**Directions:** Print all entries word for word.

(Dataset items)
#####

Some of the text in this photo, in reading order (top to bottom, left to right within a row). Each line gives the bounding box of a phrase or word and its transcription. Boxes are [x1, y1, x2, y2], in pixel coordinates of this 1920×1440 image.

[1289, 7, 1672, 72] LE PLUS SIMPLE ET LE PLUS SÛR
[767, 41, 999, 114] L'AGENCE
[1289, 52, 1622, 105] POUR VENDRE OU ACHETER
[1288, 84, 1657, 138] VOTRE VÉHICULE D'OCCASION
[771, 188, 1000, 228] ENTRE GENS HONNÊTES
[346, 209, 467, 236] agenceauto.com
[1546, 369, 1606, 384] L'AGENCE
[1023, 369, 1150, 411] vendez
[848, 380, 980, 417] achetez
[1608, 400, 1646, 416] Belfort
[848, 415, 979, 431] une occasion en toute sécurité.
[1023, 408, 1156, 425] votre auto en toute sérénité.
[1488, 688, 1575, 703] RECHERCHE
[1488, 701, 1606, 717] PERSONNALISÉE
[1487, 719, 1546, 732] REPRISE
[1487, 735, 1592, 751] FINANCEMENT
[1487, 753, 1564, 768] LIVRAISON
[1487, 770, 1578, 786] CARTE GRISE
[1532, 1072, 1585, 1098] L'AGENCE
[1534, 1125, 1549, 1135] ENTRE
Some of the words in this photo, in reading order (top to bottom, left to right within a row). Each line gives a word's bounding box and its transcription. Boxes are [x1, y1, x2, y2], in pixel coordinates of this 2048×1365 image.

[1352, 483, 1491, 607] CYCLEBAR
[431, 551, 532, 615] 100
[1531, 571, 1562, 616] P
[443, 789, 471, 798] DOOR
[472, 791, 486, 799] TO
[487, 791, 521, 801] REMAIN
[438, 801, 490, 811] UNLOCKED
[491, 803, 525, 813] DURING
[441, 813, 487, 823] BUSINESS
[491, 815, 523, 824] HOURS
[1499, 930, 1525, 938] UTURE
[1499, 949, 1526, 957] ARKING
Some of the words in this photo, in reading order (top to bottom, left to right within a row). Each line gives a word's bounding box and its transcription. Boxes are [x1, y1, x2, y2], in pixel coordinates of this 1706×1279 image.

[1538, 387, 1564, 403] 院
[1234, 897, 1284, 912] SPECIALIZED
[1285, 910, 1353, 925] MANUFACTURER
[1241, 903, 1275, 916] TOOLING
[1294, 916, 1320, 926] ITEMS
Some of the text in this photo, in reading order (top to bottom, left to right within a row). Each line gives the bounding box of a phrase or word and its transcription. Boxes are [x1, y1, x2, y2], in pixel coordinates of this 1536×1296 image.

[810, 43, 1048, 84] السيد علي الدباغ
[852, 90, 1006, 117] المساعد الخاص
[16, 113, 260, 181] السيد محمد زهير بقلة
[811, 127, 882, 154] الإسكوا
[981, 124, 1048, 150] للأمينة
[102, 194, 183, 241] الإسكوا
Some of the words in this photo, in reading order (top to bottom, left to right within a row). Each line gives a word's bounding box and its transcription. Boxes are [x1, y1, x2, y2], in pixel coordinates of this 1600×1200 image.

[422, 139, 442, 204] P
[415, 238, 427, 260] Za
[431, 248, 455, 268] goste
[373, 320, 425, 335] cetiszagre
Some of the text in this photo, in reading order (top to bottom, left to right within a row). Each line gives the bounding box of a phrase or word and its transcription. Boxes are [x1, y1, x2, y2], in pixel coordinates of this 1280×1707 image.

#####

**Response to the exercise:**
Some of the text in this photo, in reading order (top to bottom, left to right within a row). Each line gives the bounding box of a phrase or word and its transcription. Boxes are [x1, y1, x2, y2], in pixel coordinates of this 1920×1440 image.

[1289, 7, 1672, 72] LE PLUS SIMPLE ET LE PLUS SÛR
[767, 41, 999, 114] L'AGENCE
[1289, 52, 1622, 105] POUR VENDRE OU ACHETER
[1288, 84, 1657, 138] VOTRE VÉHICULE D'OCCASION
[771, 188, 1000, 228] ENTRE GENS HONNÊTES
[346, 209, 467, 236] agenceauto.com
[1546, 369, 1606, 384] L'AGENCE
[1023, 369, 1150, 411] vendez
[848, 380, 980, 417] achetez
[1608, 400, 1646, 416] Belfort
[848, 415, 979, 431] une occasion en toute sécurité.
[1023, 408, 1156, 425] votre auto en toute sérénité.
[1488, 688, 1575, 703] RECHERCHE
[1488, 701, 1606, 717] PERSONNALISÉE
[1487, 719, 1546, 732] REPRISE
[1487, 735, 1592, 751] FINANCEMENT
[1487, 753, 1564, 768] LIVRAISON
[1487, 770, 1578, 786] CARTE GRISE
[1532, 1072, 1585, 1098] L'AGENCE
[1534, 1125, 1549, 1135] ENTRE
Some of the words in this photo, in reading order (top to bottom, left to right within a row). Each line gives a word's bounding box and its transcription. Boxes are [x1, y1, x2, y2], in pixel coordinates of this 2048×1365 image.

[1352, 483, 1491, 607] CYCLEBAR
[431, 551, 532, 615] 100
[1531, 571, 1562, 616] P
[443, 789, 471, 798] DOOR
[472, 791, 486, 799] TO
[487, 791, 521, 801] REMAIN
[438, 801, 490, 811] UNLOCKED
[491, 803, 525, 813] DURING
[441, 813, 487, 823] BUSINESS
[491, 815, 523, 824] HOURS
[1499, 930, 1525, 938] UTURE
[1499, 949, 1526, 957] ARKING
Some of the words in this photo, in reading order (top to bottom, left to right within a row). Each line gives a word's bounding box and its transcription. Boxes are [x1, y1, x2, y2], in pixel coordinates of this 1706×1279 image.

[1538, 387, 1564, 403] 院
[1234, 897, 1284, 912] SPECIALIZED
[1285, 910, 1353, 925] MANUFACTURER
[1241, 903, 1275, 916] TOOLING
[1294, 916, 1320, 926] ITEMS
Some of the text in this photo, in reading order (top to bottom, left to right within a row). Each line gives the bounding box of a phrase or word and its transcription. Boxes are [x1, y1, x2, y2], in pixel coordinates of this 1536×1296 image.

[810, 43, 1048, 84] السيد علي الدباغ
[852, 90, 1006, 117] المساعد الخاص
[16, 113, 260, 181] السيد محمد زهير بقلة
[811, 127, 882, 154] الإسكوا
[981, 124, 1048, 150] للأمينة
[102, 194, 183, 241] الإسكوا
Some of the words in this photo, in reading order (top to bottom, left to right within a row). Each line gives a word's bounding box and its transcription. Boxes are [x1, y1, x2, y2], in pixel coordinates of this 1600×1200 image.

[422, 139, 442, 204] P
[415, 238, 427, 260] Za
[431, 248, 455, 268] goste
[373, 320, 425, 335] cetiszagre
Some of the text in this photo, in reading order (top to bottom, left to right within a row). Each line gives the bounding box of a phrase or word and its transcription. Boxes are [x1, y1, x2, y2], in pixel coordinates of this 1280×1707 image.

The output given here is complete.